2. O Brasil reitera seu compromisso com o Acordo TRIPS, que pode ser ilustrado por nossa decisão de implementar a legislação nacional de propriedade intelectual oito anos antes do prazo previsto pelo Acordo TRIPS.

3. Não temos nenhuma intenção de introduzir emendas no acordo, no contexto do debate sobre o Acordo TRIPS e a Saúde Pública. Acreditamos, porém, que governos têm o direito de tomar medidas para proteger a saúde de suas populações, especialmente em situações que possam, sem essas providências, assumir proporções críticas. Governos podem ser obrigados também a tomar medidas contra abusos de poder econômico e práticas anticompetitivas.

4. O que o Brasil tem em mente são situações em que um verdadeiro monopólio, derivado da concessão de uma patente pelo governo, leve a preços exorbitantes, obrigando as autoridades nacionais a intervir para prover medicamentos a sua população e prevenir crises de saúde. Tecnicalidades à parte, isso é precisamente o que os Estados Unidos e o Canadá cogitaram fazer quando confrontados com caso do antrax.

5. Isto é, na verdade, o que o Brasil tem feito em sua luta contra o HIV/ AIDS. Em parte por causa dessa política é que temos sido capazes de obter resultados em nosso Programa Nacional de Combate à AIDS, amplamente considerado como exemplar.

6. A primeira opção de declaração proposta sobre “Propriedade Intelectual e Saúde Pública” não altera o Acordo TRIPS. Apenas o clarifica e reforça, enfatizando a necessidade de que seja interpretado e implementado de modo compatível comum de salvaguardar, como um princípio básico de direitos humanos, o acesso a medicamentos.

7. O que necessitamos desta Conferência é um inequívoco sinal político que nos permitirá prosseguir na busca de nossos objetivos de saúde pública num clima de previsibilidade e livre de ameaças de ação legal.
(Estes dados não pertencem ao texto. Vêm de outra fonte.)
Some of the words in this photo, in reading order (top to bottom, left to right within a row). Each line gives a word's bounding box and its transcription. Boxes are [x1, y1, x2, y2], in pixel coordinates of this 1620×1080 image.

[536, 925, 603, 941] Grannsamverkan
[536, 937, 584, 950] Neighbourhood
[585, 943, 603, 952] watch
A segunda opção da declaração proposta não preenche esse requisito. Oscila entre redundância e restringência. Quando não é redundante, é restritiva. Quando não é restritiva, é redundante.

8. Por fim, Senhor Presidente, permita-se assegurar que a firmeza de nossas convicções não nos impede de continuar discutindo construtivamente, com vistas a obter uma linguagem consensual que preserve os interesses dos países em desenvolvimento e ao mesmo tempo contribua para a imagem da Organização Mundial do Comércio na opinião pública.